WHAT TO WORK ON:
For every entry, reproduce the wording exactly and omit any image it holds.

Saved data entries
--

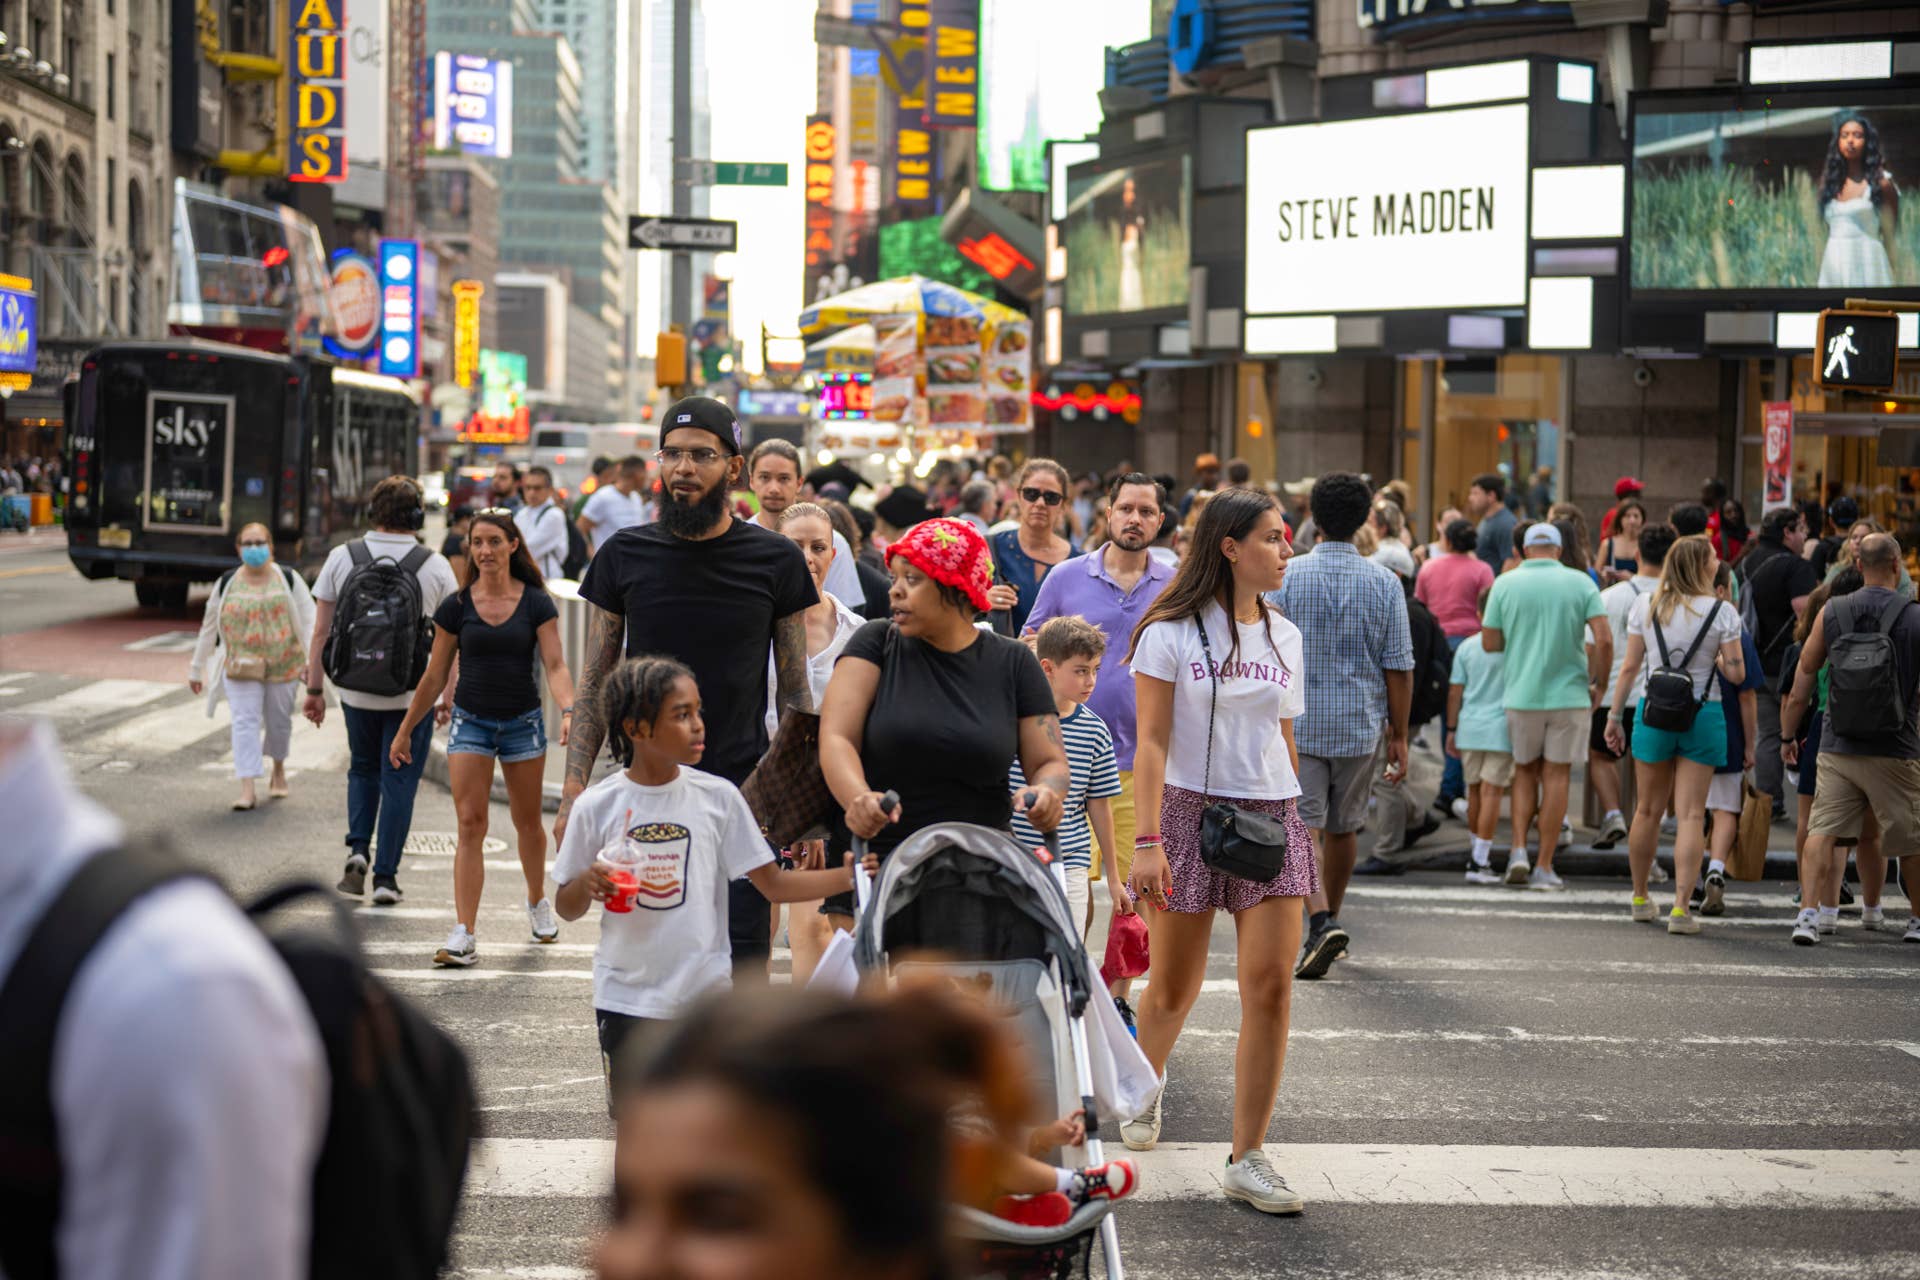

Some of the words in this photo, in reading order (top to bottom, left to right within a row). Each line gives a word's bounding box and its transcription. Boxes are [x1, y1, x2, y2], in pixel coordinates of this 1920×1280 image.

[935, 26, 977, 116] NEW
[734, 164, 747, 184] 7
[897, 129, 930, 199] NEW
[643, 225, 674, 240] ONE
[691, 227, 724, 240] WAY
[1279, 197, 1359, 243] STEVE
[1373, 186, 1496, 237] MADDEN
[155, 405, 217, 457] sky
[1190, 660, 1291, 689] BROWNIE
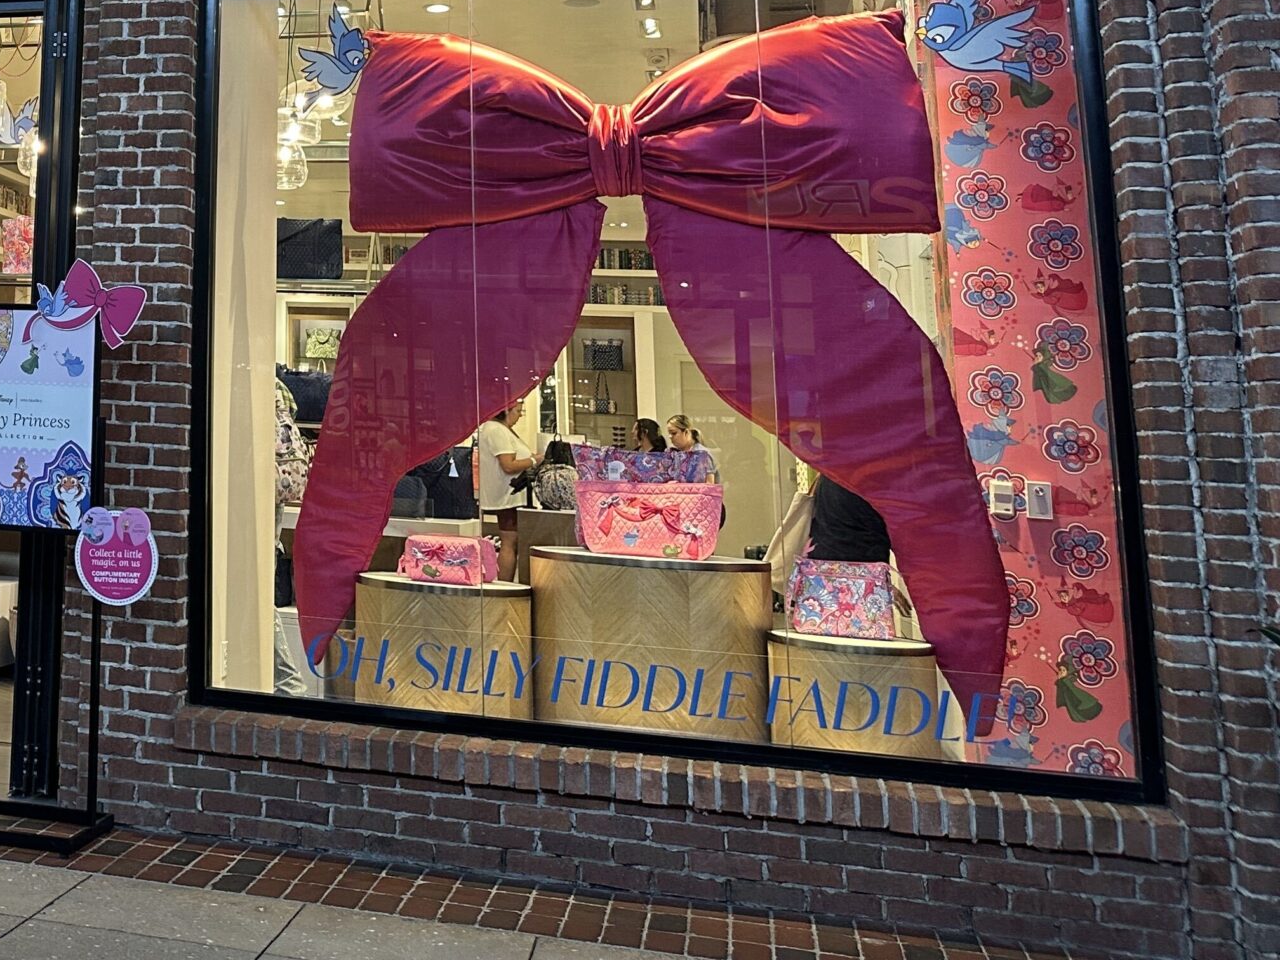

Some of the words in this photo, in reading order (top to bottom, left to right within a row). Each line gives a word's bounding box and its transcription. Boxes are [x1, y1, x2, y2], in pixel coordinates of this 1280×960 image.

--

RESULT BELOW:
Some of the words in this photo, in reading order (top to bottom, left to right within a row). Each line gives a word's bounding box and its transcription. Boxes are [x1, y1, x2, y2], in pixel coordinates of this 1920×1280 image.

[935, 26, 977, 116] NEW
[734, 164, 747, 184] 7
[897, 129, 930, 199] NEW
[643, 225, 674, 240] ONE
[691, 227, 724, 240] WAY
[1279, 197, 1359, 243] STEVE
[1373, 186, 1496, 237] MADDEN
[155, 405, 217, 457] sky
[1190, 660, 1291, 689] BROWNIE

Some of the words in this photo, in reading order (top to bottom, left to right within a row). Each line gives a word's bounding box and its transcription. Boxes are [x1, y1, x2, y2], in pixel coordinates of this 1280×960 image.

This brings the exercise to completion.